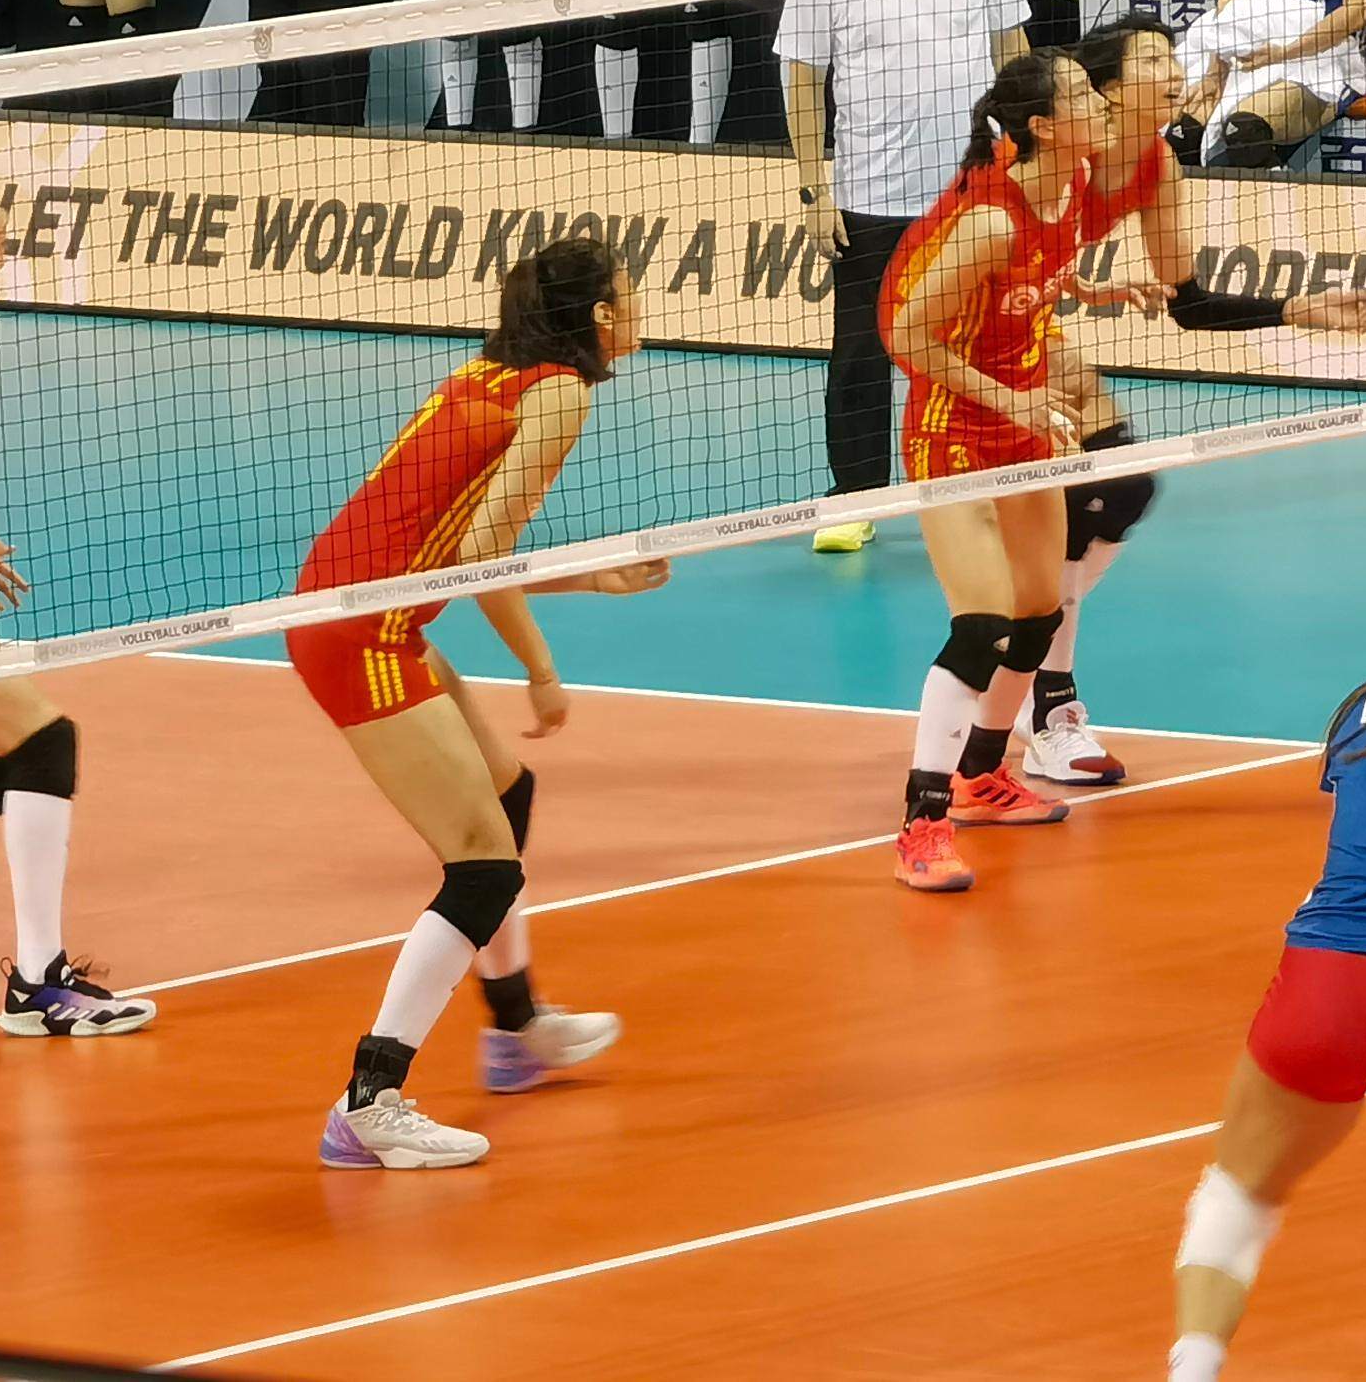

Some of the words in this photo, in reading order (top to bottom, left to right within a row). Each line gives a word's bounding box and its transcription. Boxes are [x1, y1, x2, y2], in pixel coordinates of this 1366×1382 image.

[117, 188, 240, 267] THE
[249, 195, 463, 281] WORLD
[667, 219, 718, 296] A
[1266, 419, 1317, 438] VOLLEYBALL
[1318, 412, 1360, 430] QUALIFIER
[995, 468, 1050, 486] VOLLEYBALL
[1050, 460, 1093, 477] QUALIFIER
[715, 516, 772, 536] VOLLEYBALL
[773, 507, 818, 525] QUALIFIER
[423, 571, 481, 592] VOLLEYBALL
[482, 561, 529, 581] QUALIFIER
[120, 625, 181, 646] VOLLEYBALL
[182, 616, 230, 635] QUALIFIER
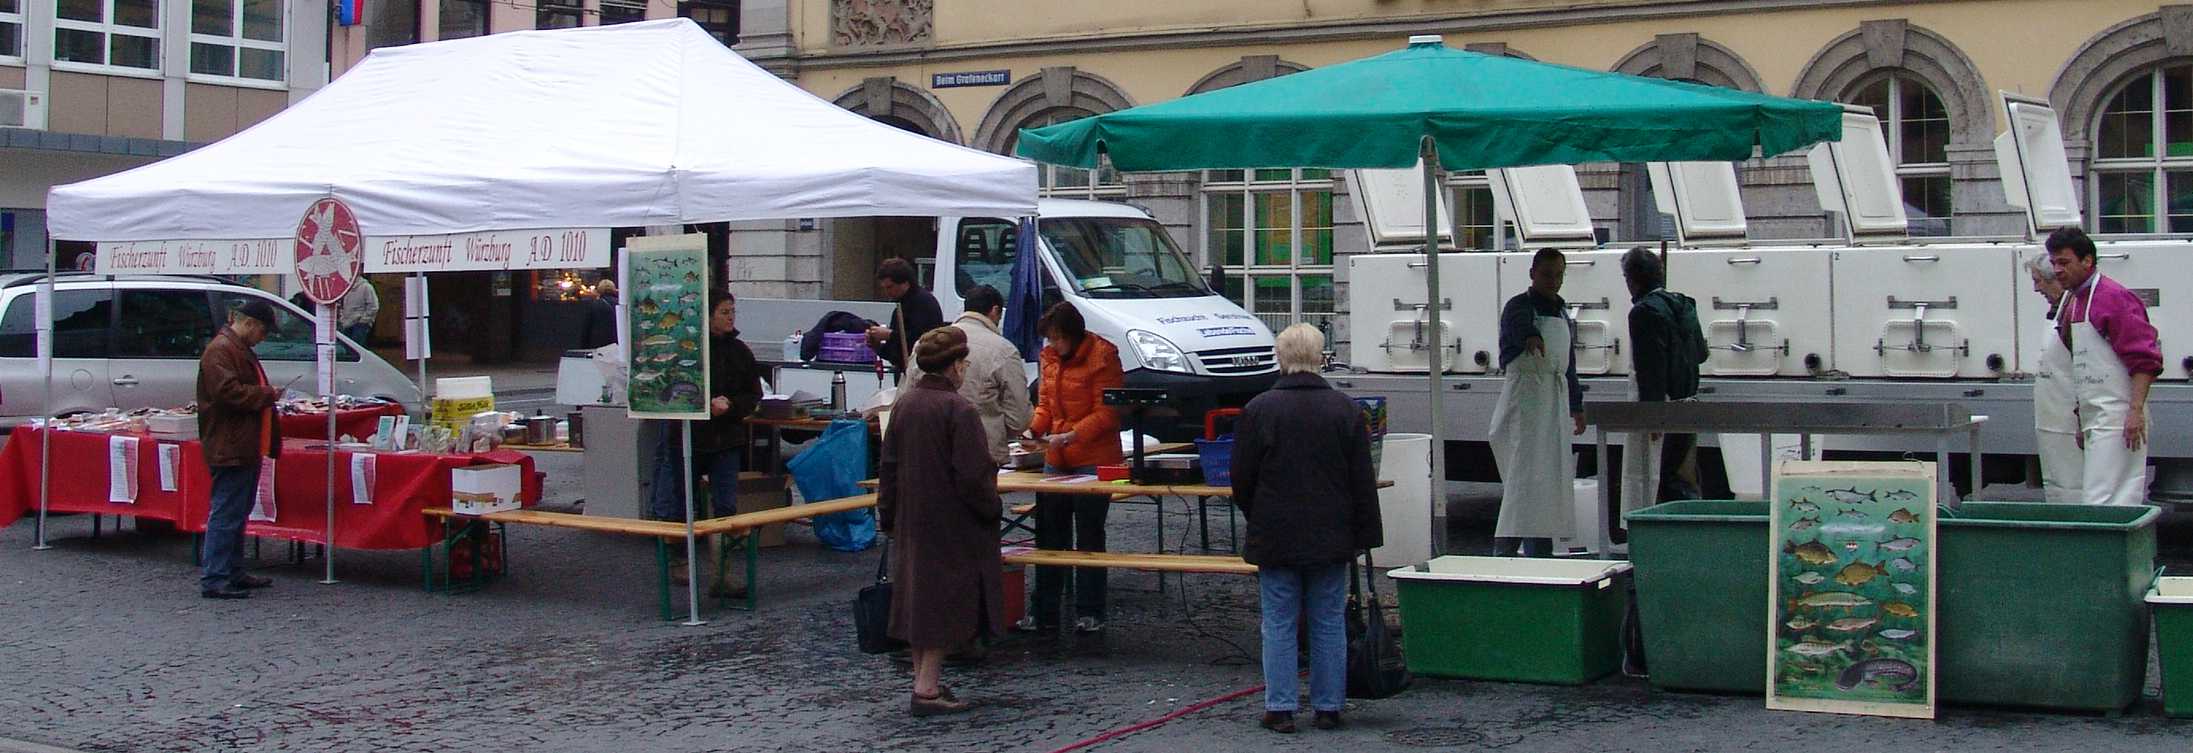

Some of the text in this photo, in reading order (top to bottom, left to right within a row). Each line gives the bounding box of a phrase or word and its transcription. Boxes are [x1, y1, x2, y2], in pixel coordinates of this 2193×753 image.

[936, 75, 955, 86] Beim
[110, 241, 167, 273] Fischerzunft
[178, 242, 217, 273] Würzburg
[255, 240, 278, 267] 1010
[383, 234, 453, 269] Fischerzunft
[466, 234, 512, 270] Würzburg
[560, 231, 586, 262] 1010
[1834, 252, 1840, 260] 2
• • • • • • •
Exercise instructions ::
Could you please return each line of the material exactly, dropping the pictures?

Answer section ::
Some of the words in this photo, in reading order (top to bottom, left to right within a row). Each line gives a word's bounding box and its transcription. Boxes are [x1, y1, x2, y2], in pixel coordinates of this 1366×1382 image.

[117, 188, 240, 267] THE
[249, 195, 463, 281] WORLD
[667, 219, 718, 296] A
[1266, 419, 1317, 438] VOLLEYBALL
[1318, 412, 1360, 430] QUALIFIER
[995, 468, 1050, 486] VOLLEYBALL
[1050, 460, 1093, 477] QUALIFIER
[715, 516, 772, 536] VOLLEYBALL
[773, 507, 818, 525] QUALIFIER
[423, 571, 481, 592] VOLLEYBALL
[482, 561, 529, 581] QUALIFIER
[120, 625, 181, 646] VOLLEYBALL
[182, 616, 230, 635] QUALIFIER

Some of the text in this photo, in reading order (top to bottom, left to right within a row). Each line gives the bounding box of a phrase or word and its transcription. Boxes are [x1, y1, x2, y2], in pixel coordinates of this 2193×753 image.

[936, 75, 955, 86] Beim
[110, 241, 167, 273] Fischerzunft
[178, 242, 217, 273] Würzburg
[255, 240, 278, 267] 1010
[383, 234, 453, 269] Fischerzunft
[466, 234, 512, 270] Würzburg
[560, 231, 586, 262] 1010
[1834, 252, 1840, 260] 2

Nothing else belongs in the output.